**About this task**
Output all entries precisely and leave out the pictures.

**Exercise data**
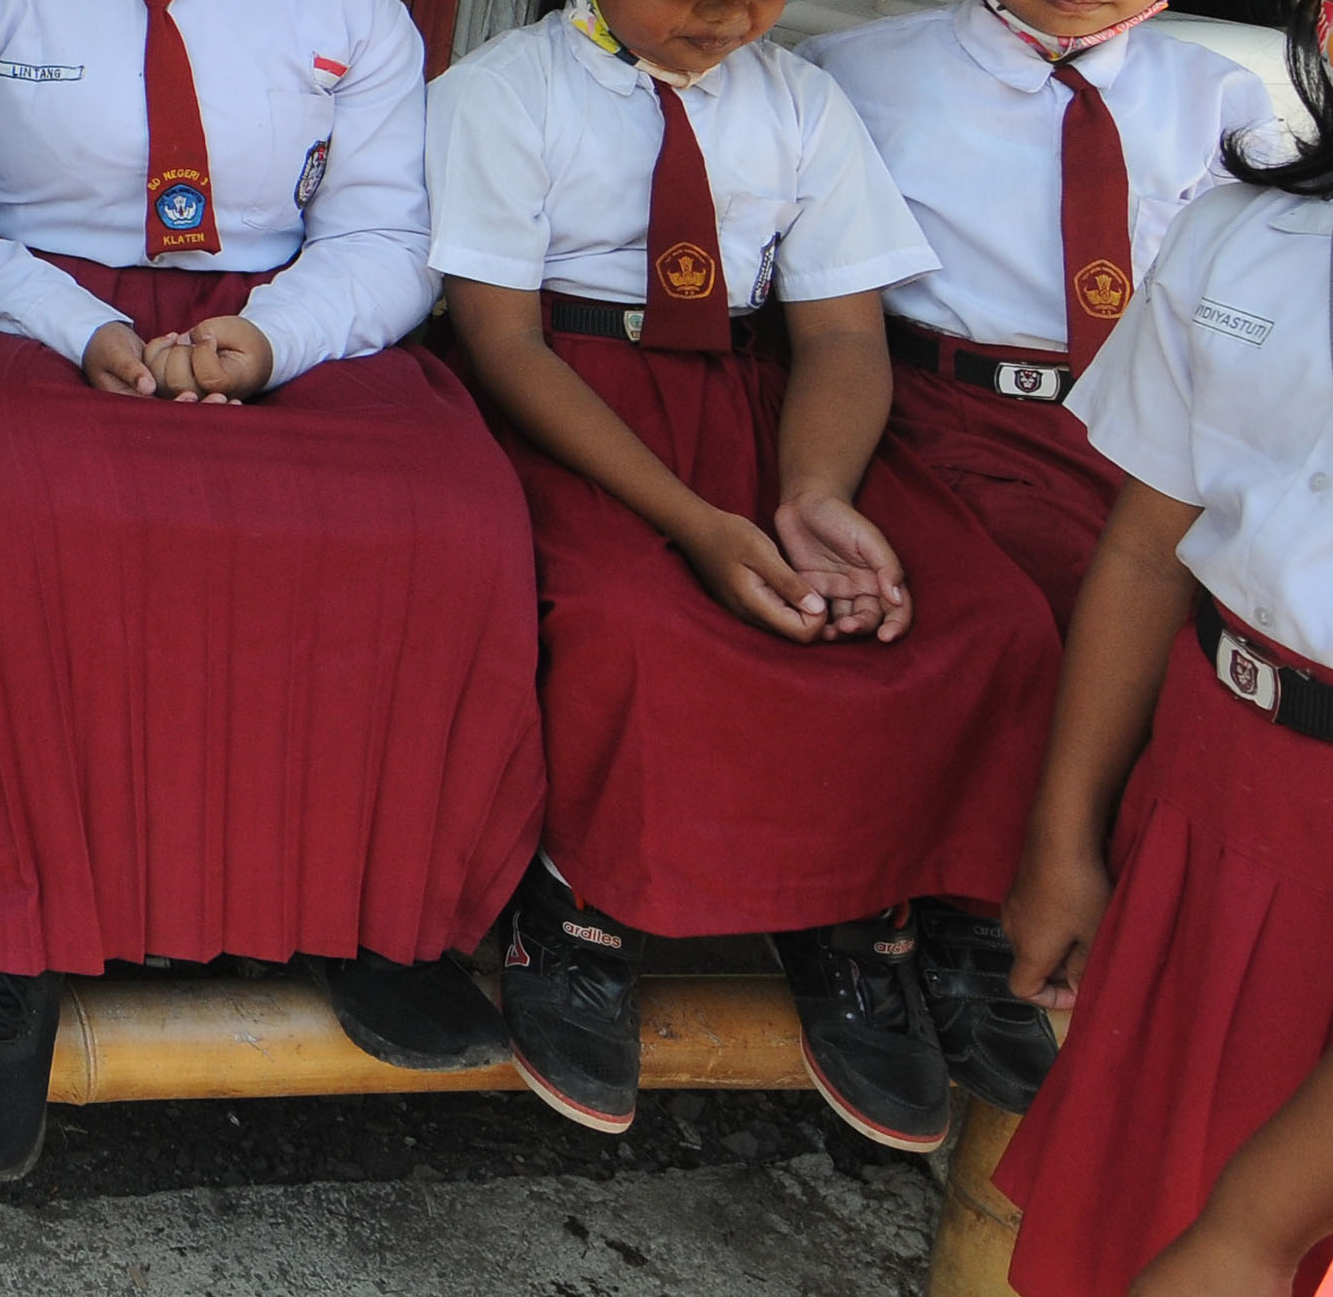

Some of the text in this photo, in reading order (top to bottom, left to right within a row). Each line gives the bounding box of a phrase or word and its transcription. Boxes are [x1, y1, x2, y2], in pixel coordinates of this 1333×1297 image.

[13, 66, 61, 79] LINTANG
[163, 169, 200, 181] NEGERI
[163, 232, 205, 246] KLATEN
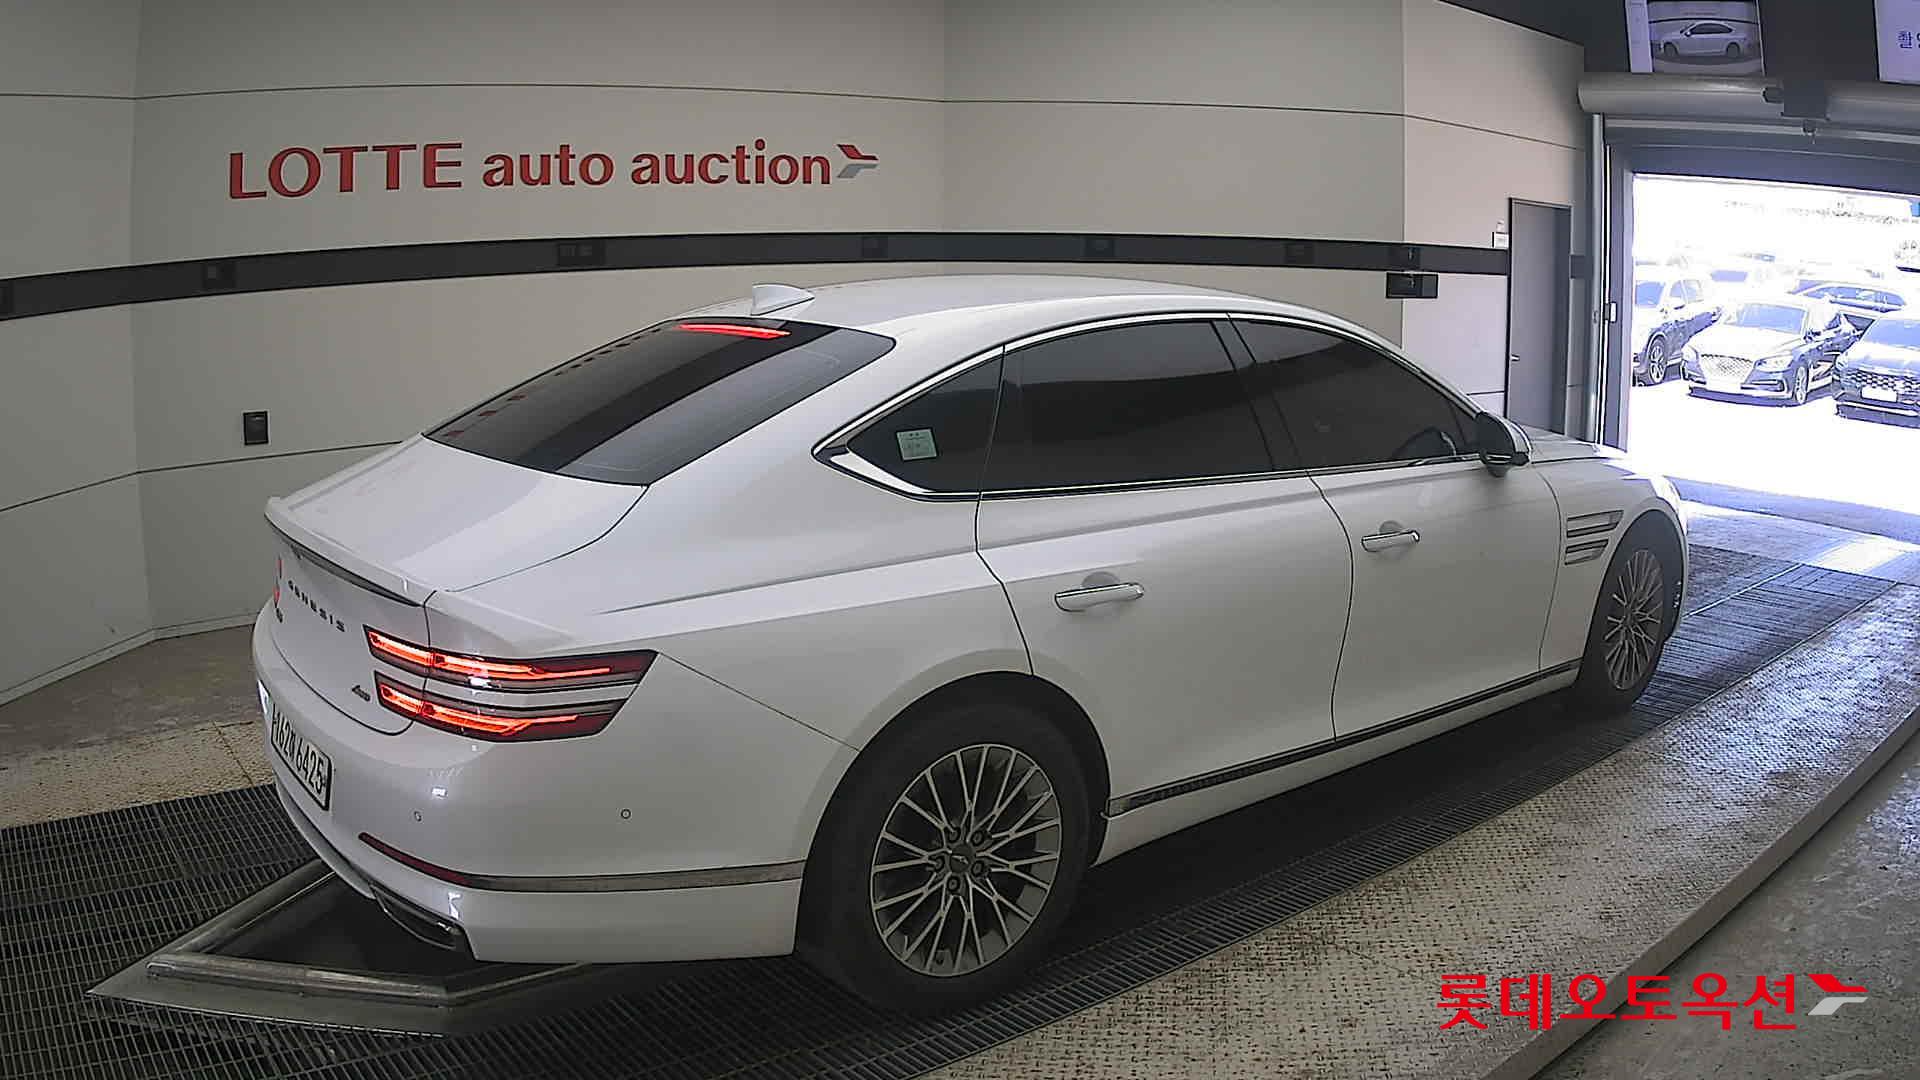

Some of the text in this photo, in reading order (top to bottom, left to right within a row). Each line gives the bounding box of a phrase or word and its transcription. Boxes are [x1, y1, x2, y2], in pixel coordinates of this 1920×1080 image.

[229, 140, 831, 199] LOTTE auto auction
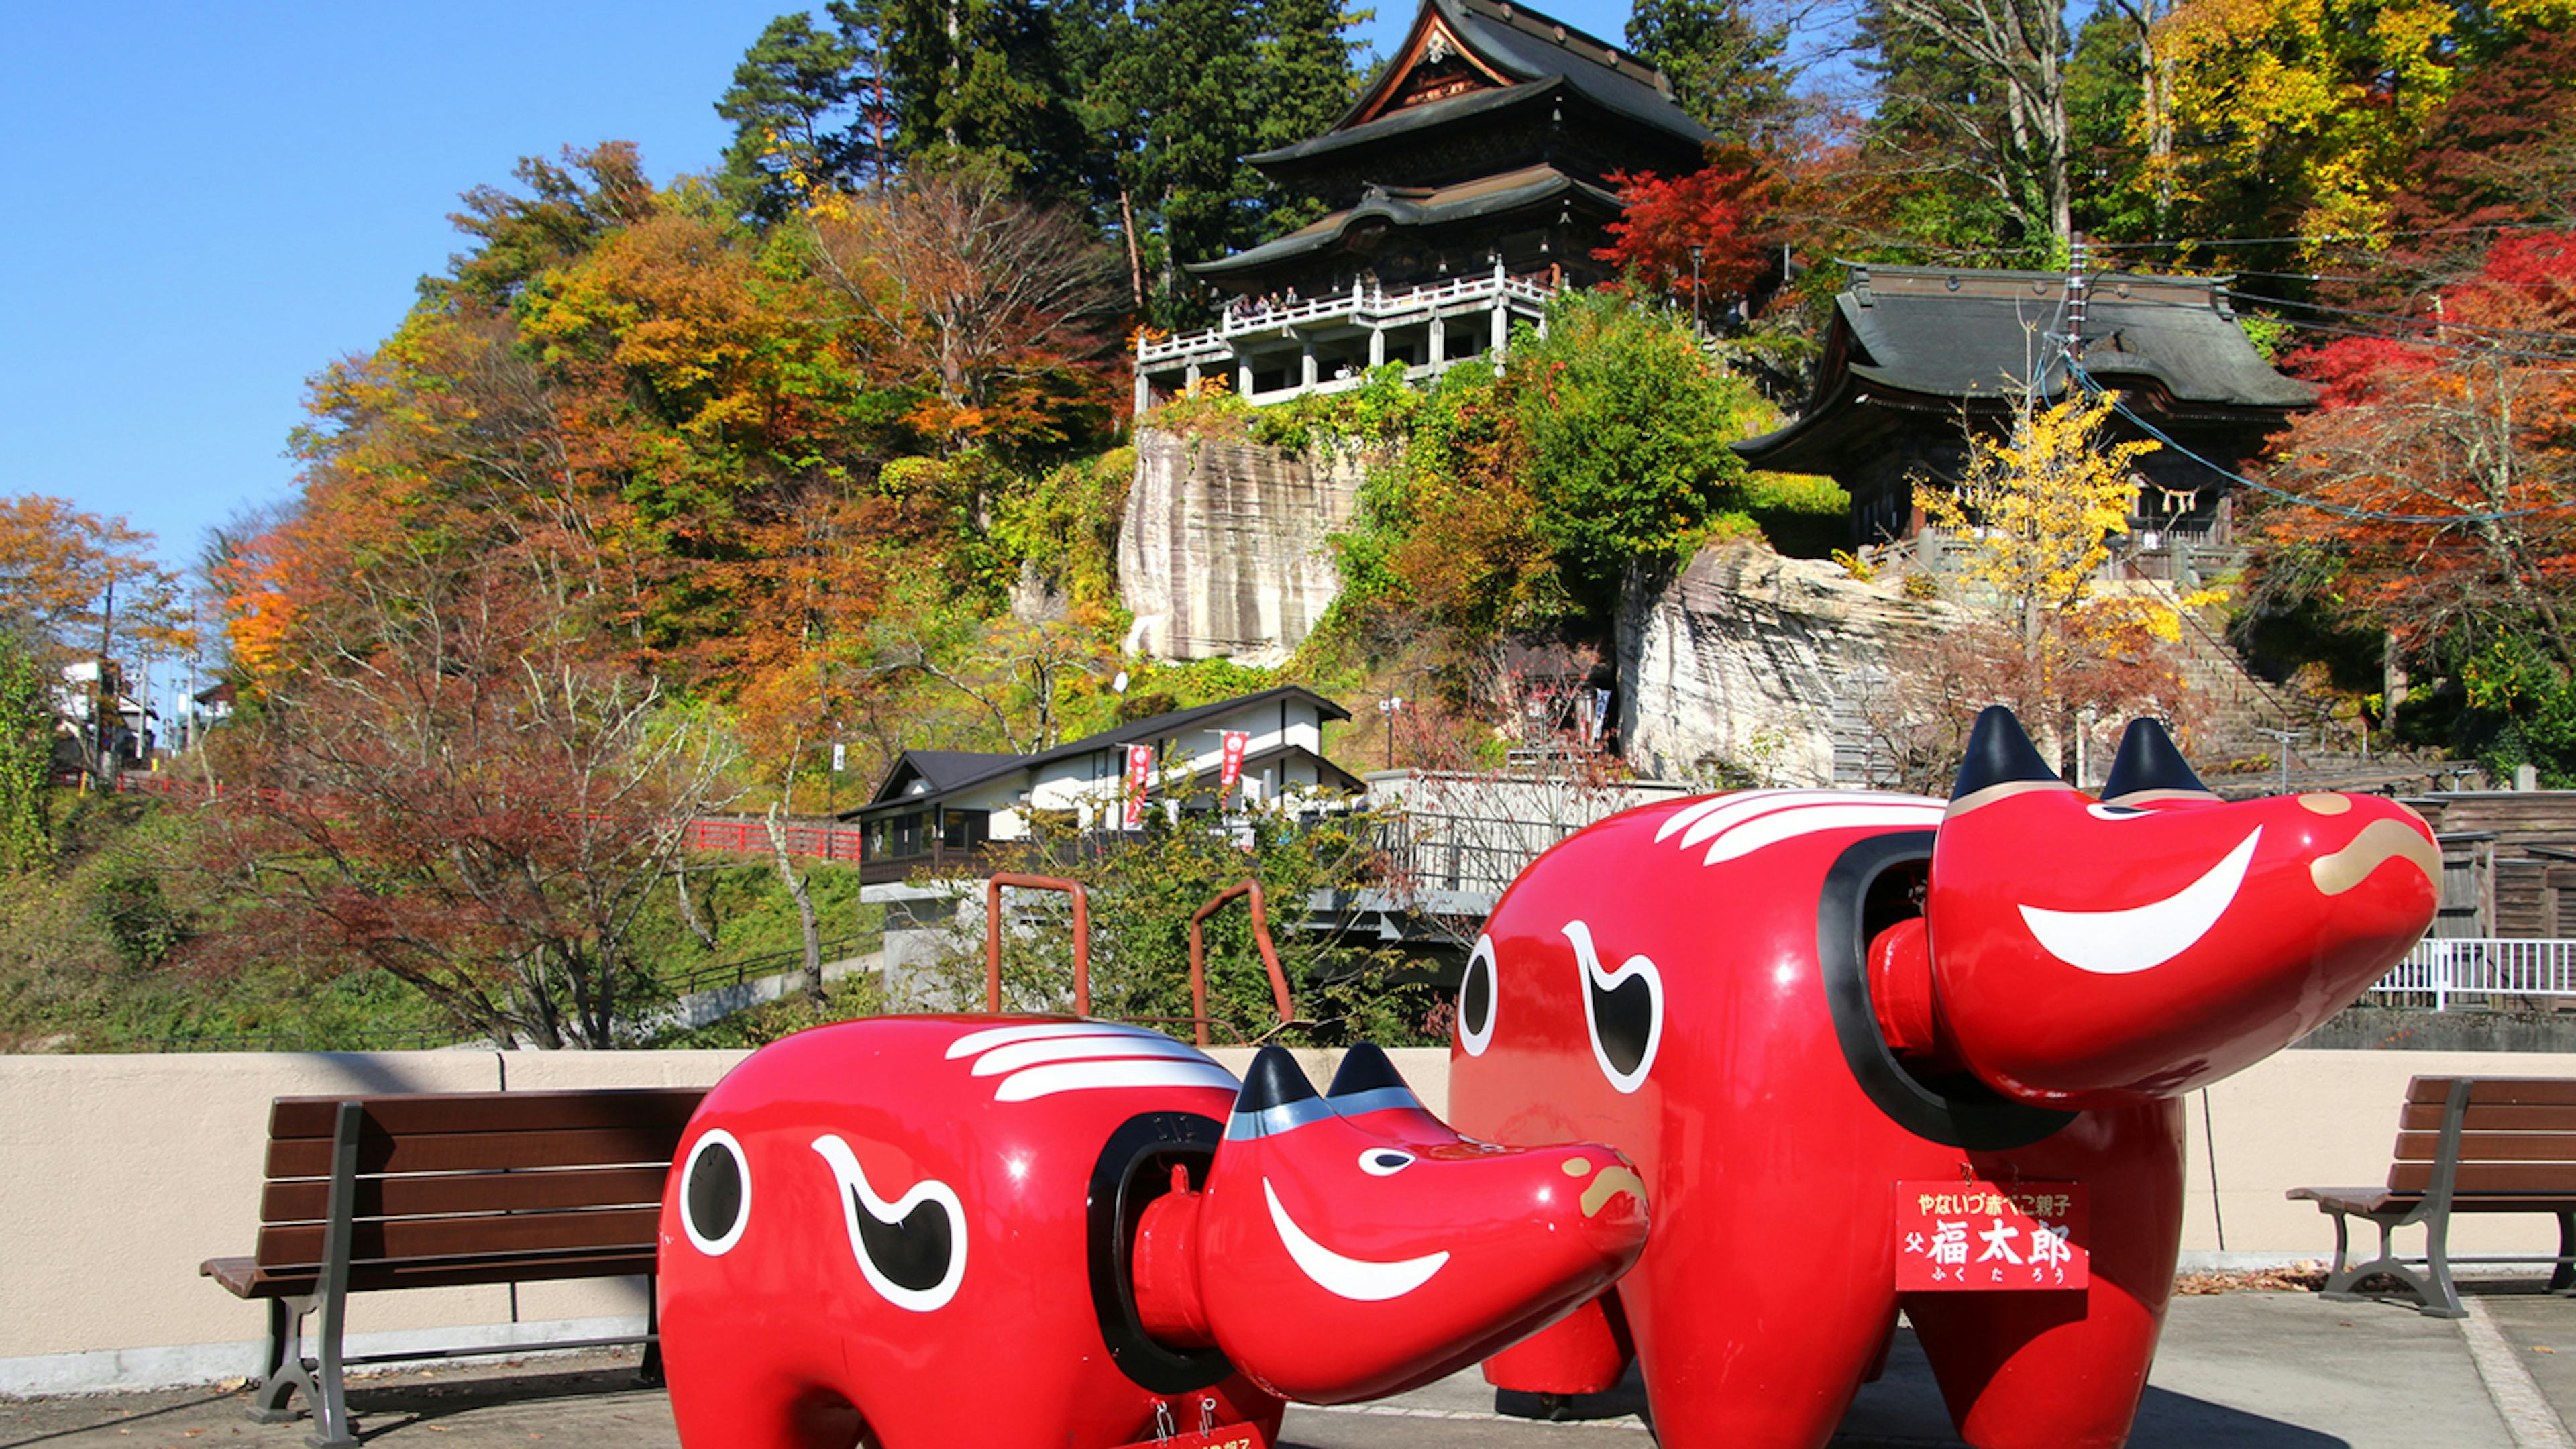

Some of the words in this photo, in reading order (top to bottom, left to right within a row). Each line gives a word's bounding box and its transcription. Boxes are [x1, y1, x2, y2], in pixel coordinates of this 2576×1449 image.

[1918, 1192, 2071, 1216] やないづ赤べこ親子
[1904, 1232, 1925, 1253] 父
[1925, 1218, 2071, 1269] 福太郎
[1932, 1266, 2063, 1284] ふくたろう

**Finished task**
Some of the text in this photo, in reading order (top to bottom, left to right within a row). Each line gives the bounding box of a phrase or word and its transcription. Boxes are [x1, y1, x2, y2], in pixel coordinates of this 1333×1297 image.

[13, 66, 61, 79] LINTANG
[163, 169, 200, 181] NEGERI
[163, 232, 205, 246] KLATEN

Some of the text in this photo, in reading order (top to bottom, left to right within a row). Each line gives the bounding box of a phrase or word and its transcription. Boxes are [x1, y1, x2, y2], in pixel coordinates of this 1920×1080 image.

[229, 140, 831, 199] LOTTE auto auction

Some of the words in this photo, in reading order (top to bottom, left to right within a row). Each line gives a word's bounding box and its transcription. Boxes are [x1, y1, x2, y2], in pixel coordinates of this 2576×1449 image.

[1918, 1192, 2071, 1216] やないづ赤べこ親子
[1904, 1232, 1925, 1253] 父
[1925, 1218, 2071, 1269] 福太郎
[1932, 1266, 2063, 1284] ふくたろう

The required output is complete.